* [Work to be completed] Restate the last part of the records below word for word, beginning at the line with "this 1500×1860 image." and ending at the final line.

>>

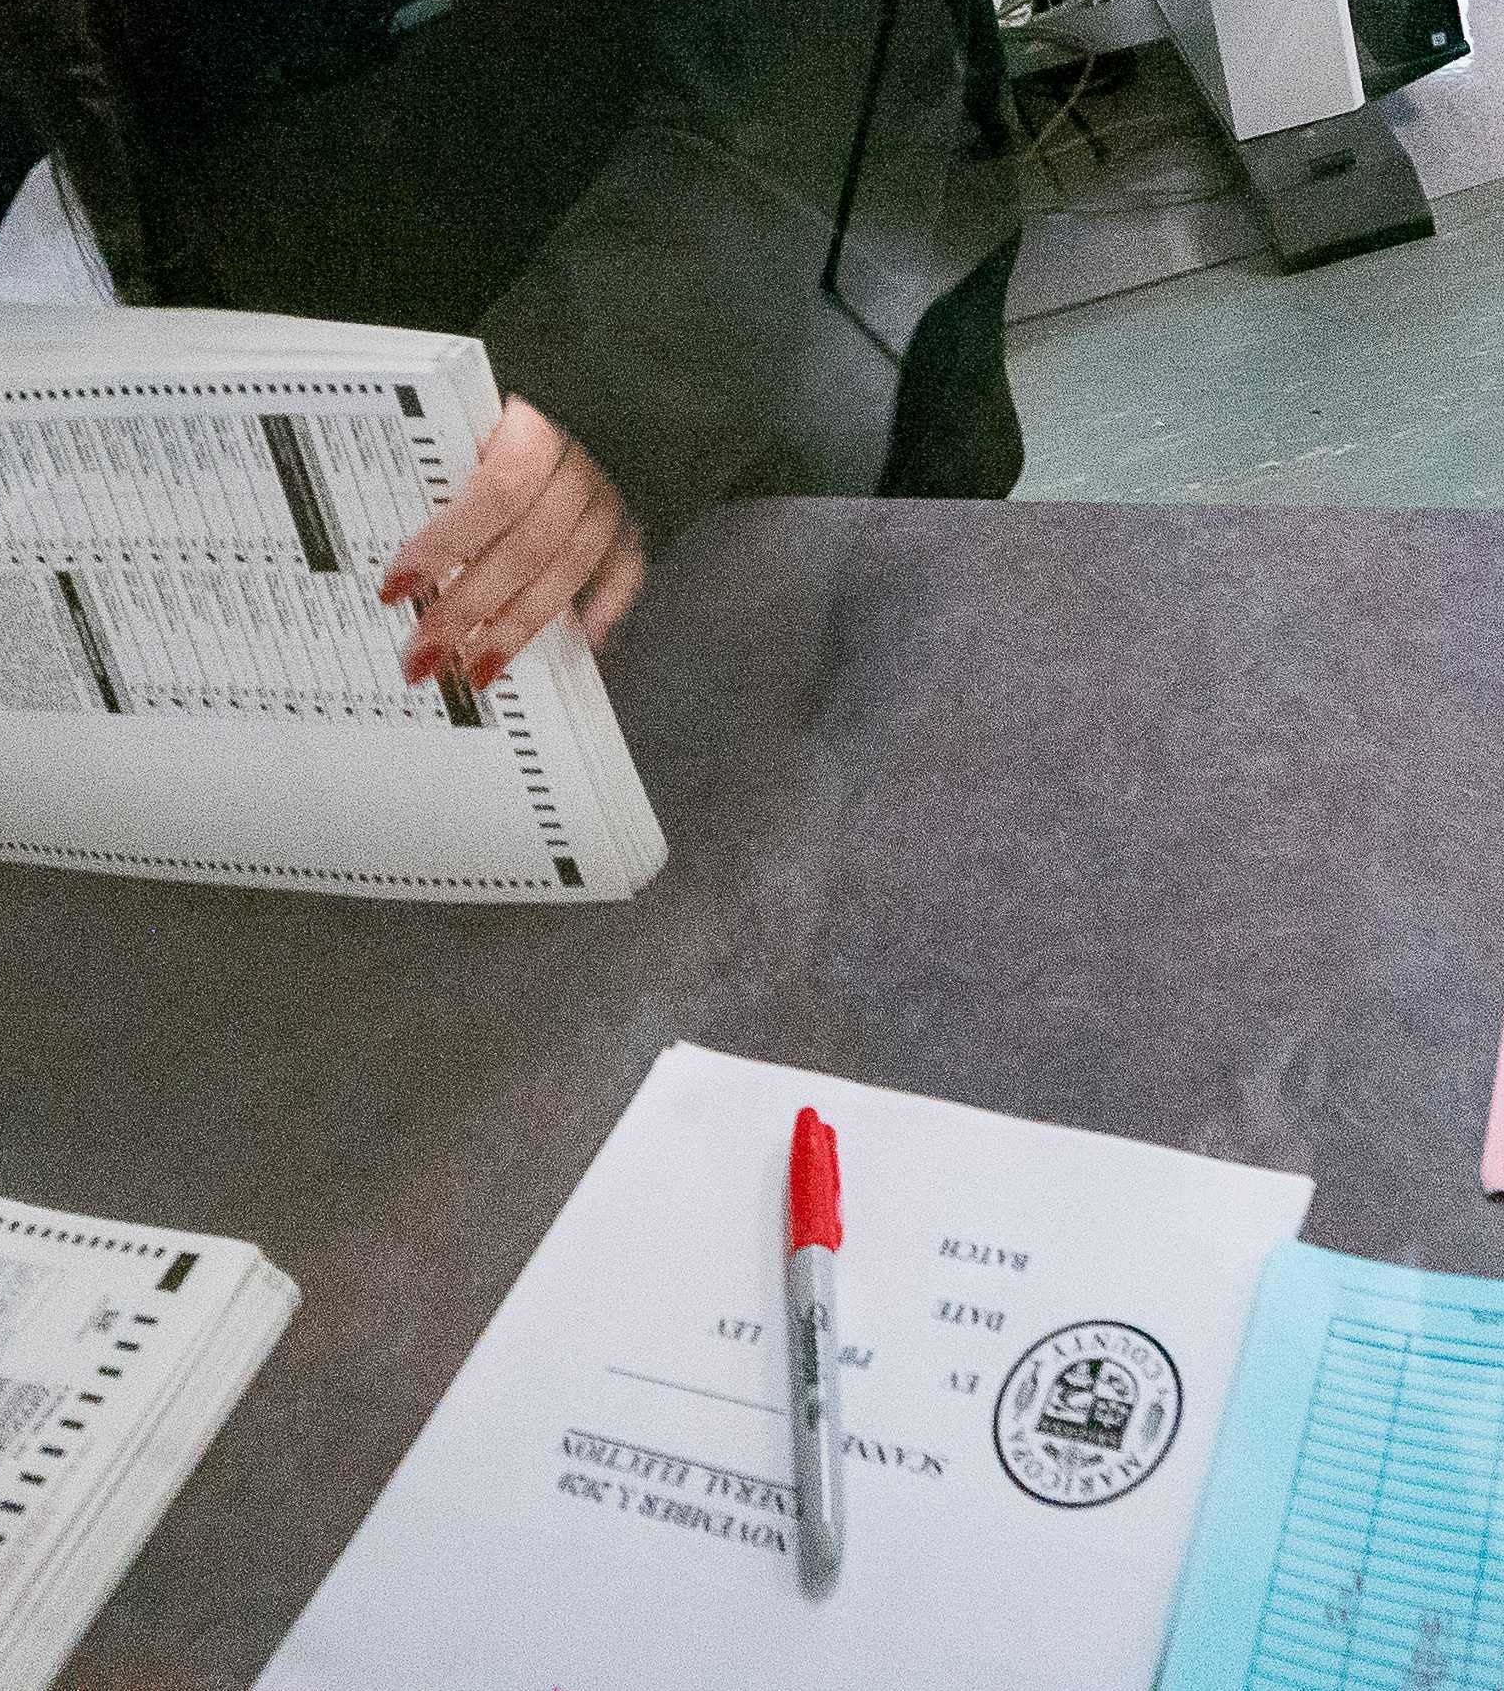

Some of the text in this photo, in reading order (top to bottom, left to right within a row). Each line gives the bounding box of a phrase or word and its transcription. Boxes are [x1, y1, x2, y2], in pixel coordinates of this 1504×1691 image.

[937, 1237, 1031, 1272] BATCH
[936, 1299, 1006, 1332] DATE
[561, 1435, 691, 1489] ELECTION
[638, 1494, 787, 1555] NOVEMBER
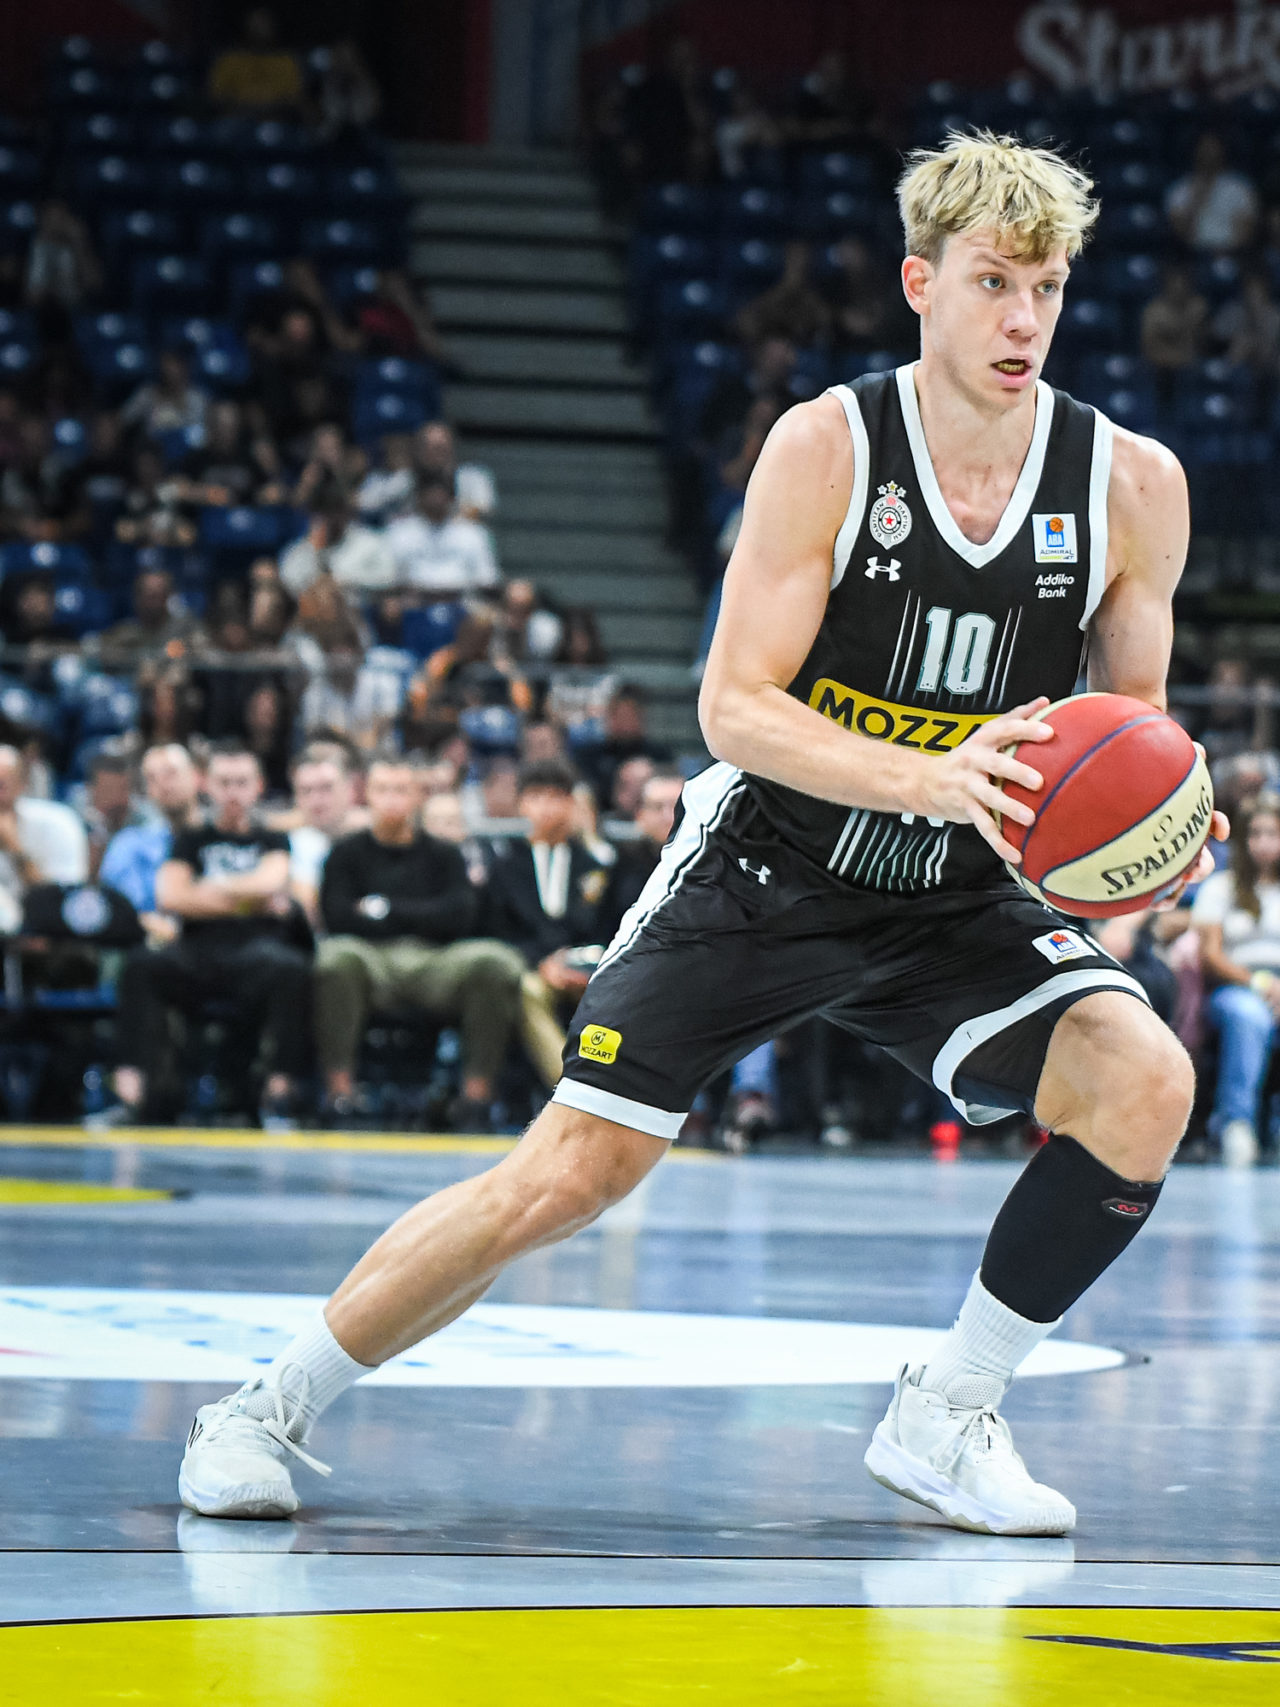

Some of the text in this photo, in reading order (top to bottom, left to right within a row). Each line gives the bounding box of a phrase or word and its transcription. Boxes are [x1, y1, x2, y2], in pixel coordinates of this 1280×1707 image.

[1035, 573, 1075, 586] Addiko
[1038, 587, 1066, 599] Bank
[916, 606, 997, 695] 10
[1101, 784, 1212, 895] SPALDING
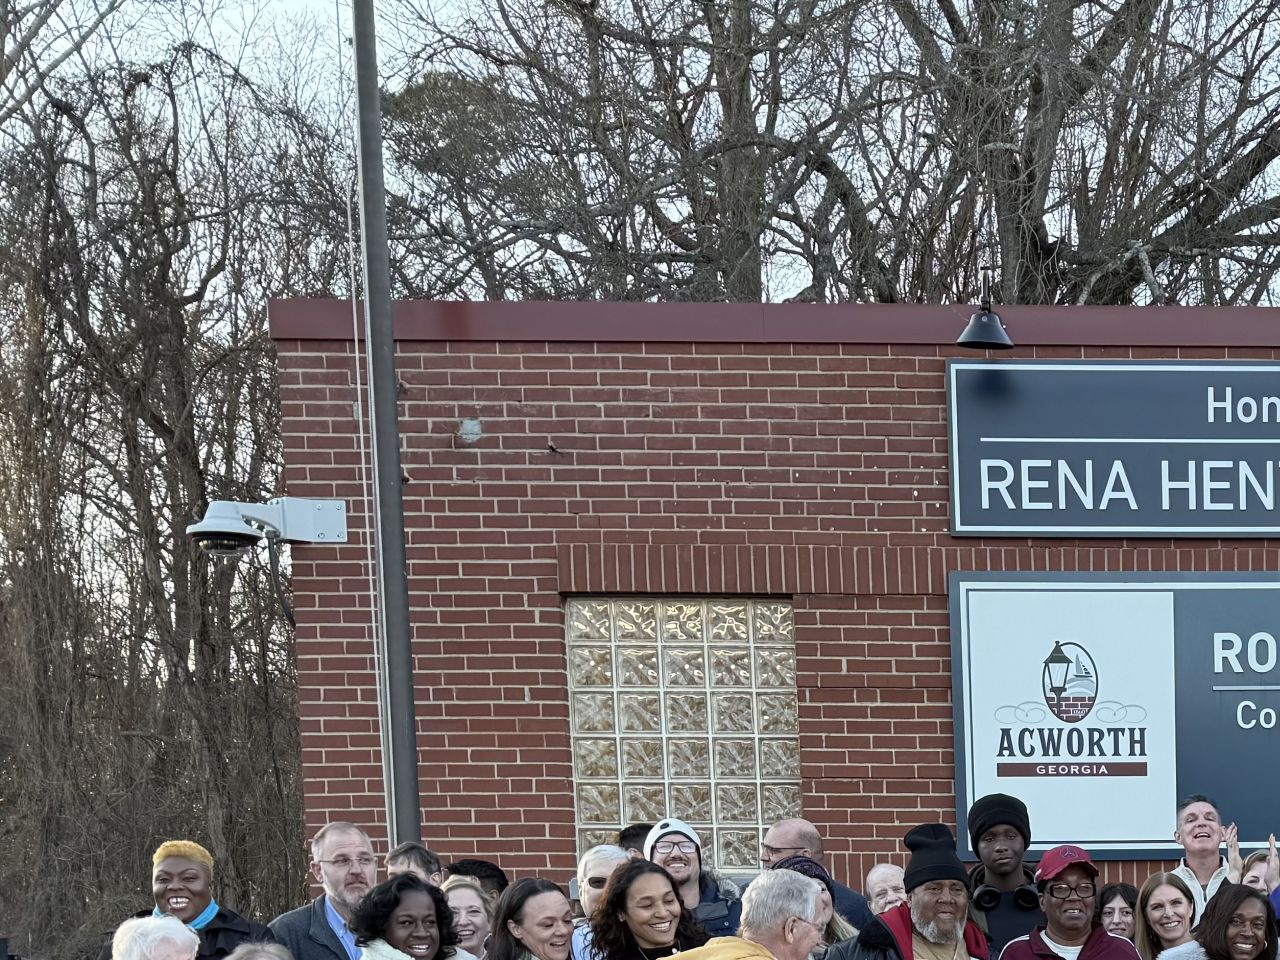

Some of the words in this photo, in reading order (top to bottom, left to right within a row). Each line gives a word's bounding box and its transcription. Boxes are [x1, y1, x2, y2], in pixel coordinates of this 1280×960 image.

[980, 459, 1139, 510] RENA
[996, 727, 1148, 758] ACWORTH
[1036, 765, 1109, 775] GEORGIA
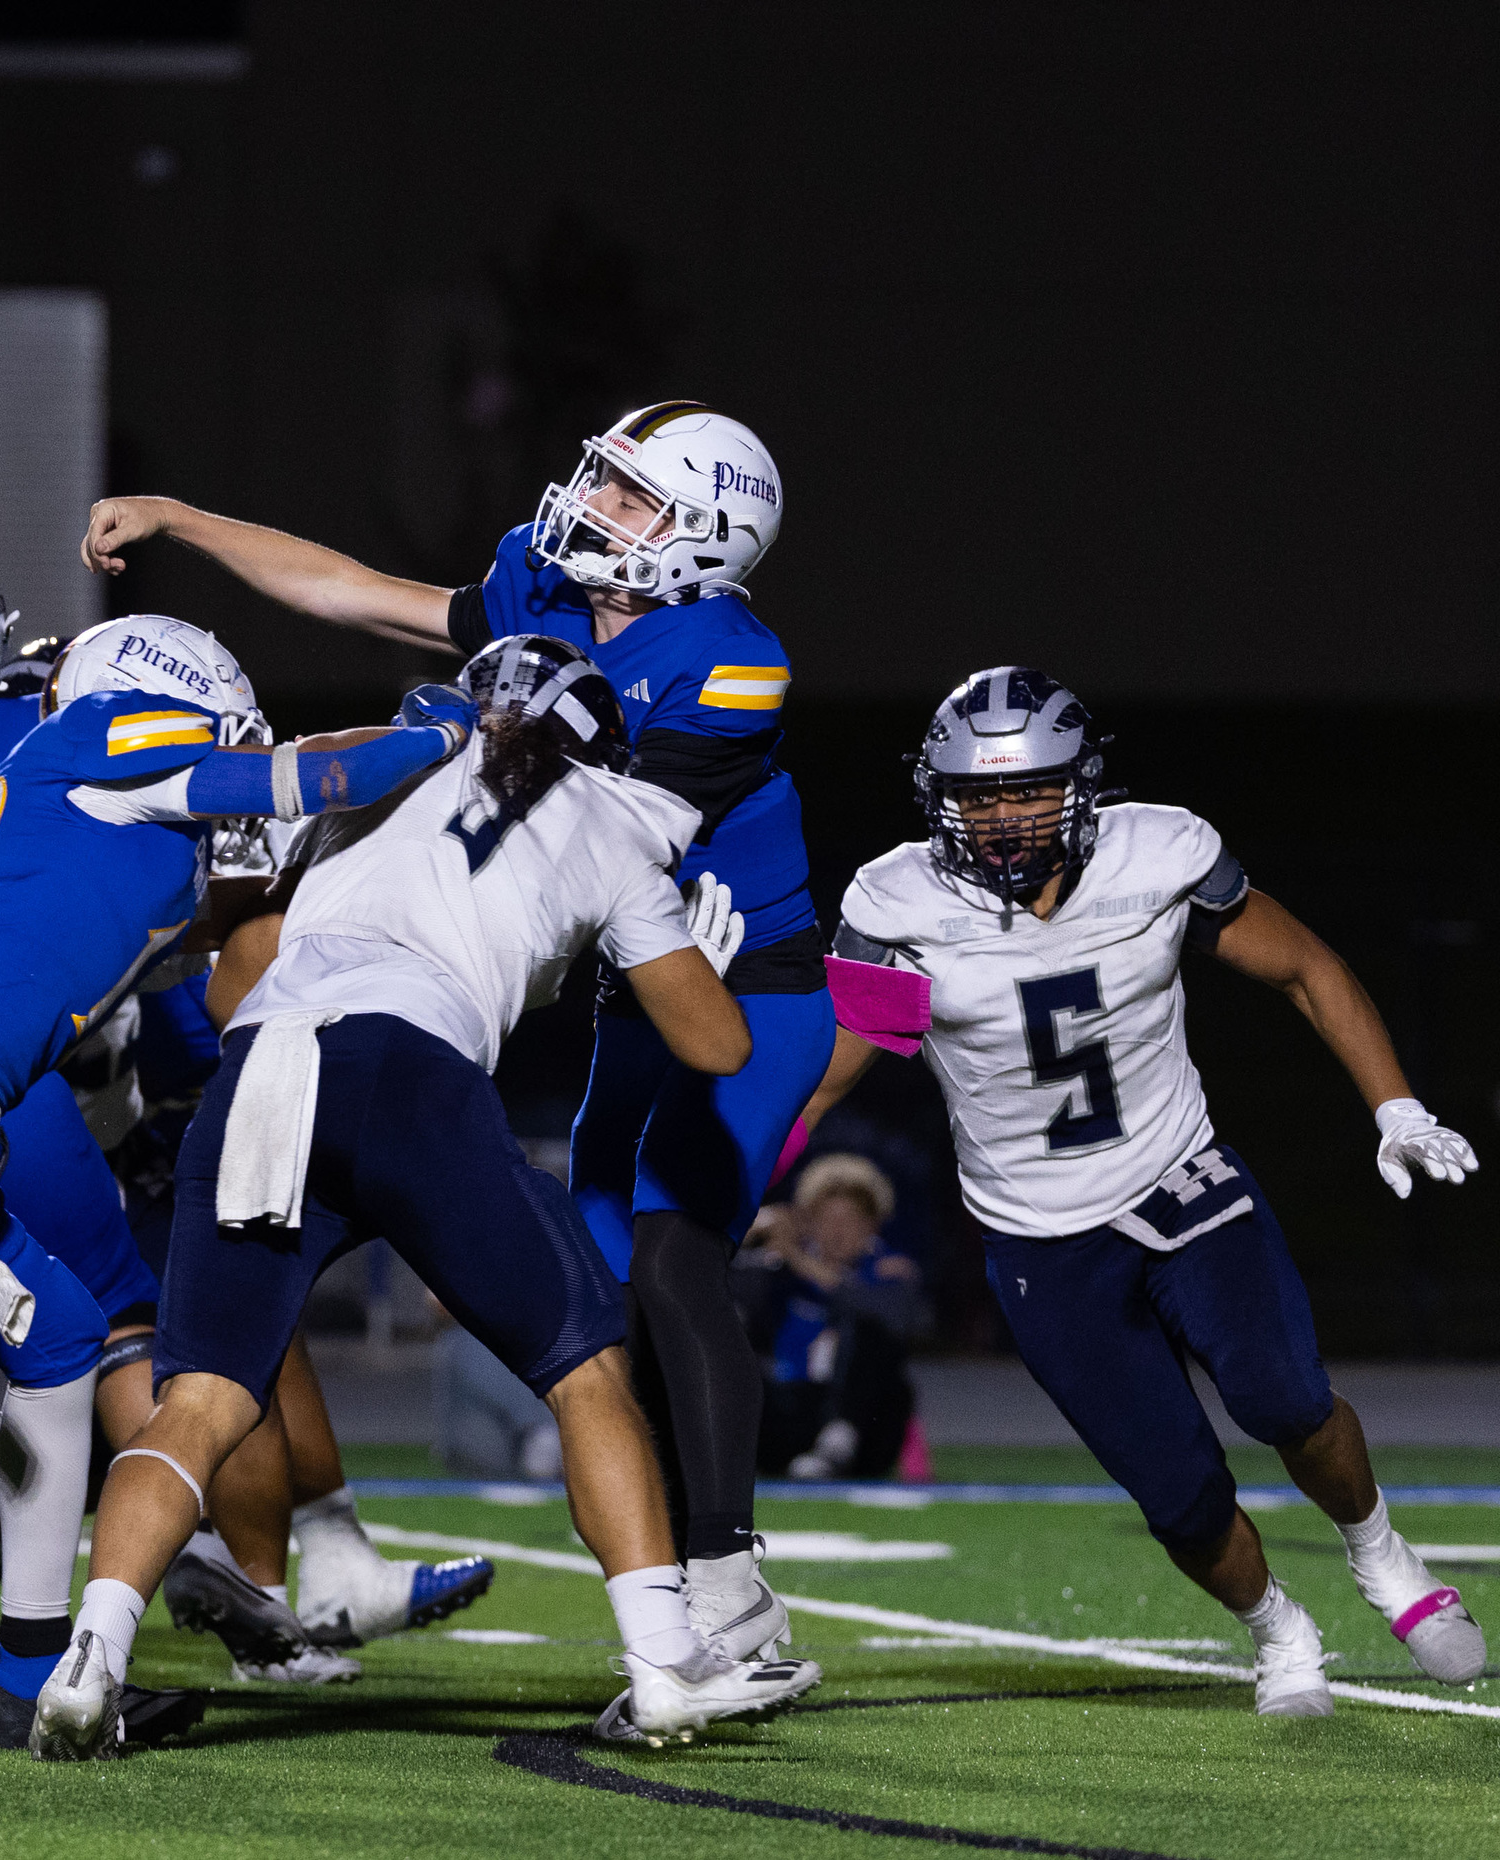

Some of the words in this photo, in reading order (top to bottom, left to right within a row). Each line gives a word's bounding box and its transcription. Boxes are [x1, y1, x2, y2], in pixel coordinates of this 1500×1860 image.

[713, 461, 776, 505] Pirates
[649, 531, 674, 546] dell
[116, 634, 213, 695] Pirates
[1013, 961, 1130, 1156] 5
[1159, 1148, 1240, 1206] H

<<

* [Answer for this exercise]
Some of the words in this photo, in reading order (top to bottom, left to right within a row). Each line gives a word's bounding box and its transcription. Boxes are [x1, y1, x2, y2], in pixel coordinates of this 1500×1860 image.

[713, 461, 776, 505] Pirates
[649, 531, 674, 546] dell
[116, 634, 213, 695] Pirates
[1013, 961, 1130, 1156] 5
[1159, 1148, 1240, 1206] H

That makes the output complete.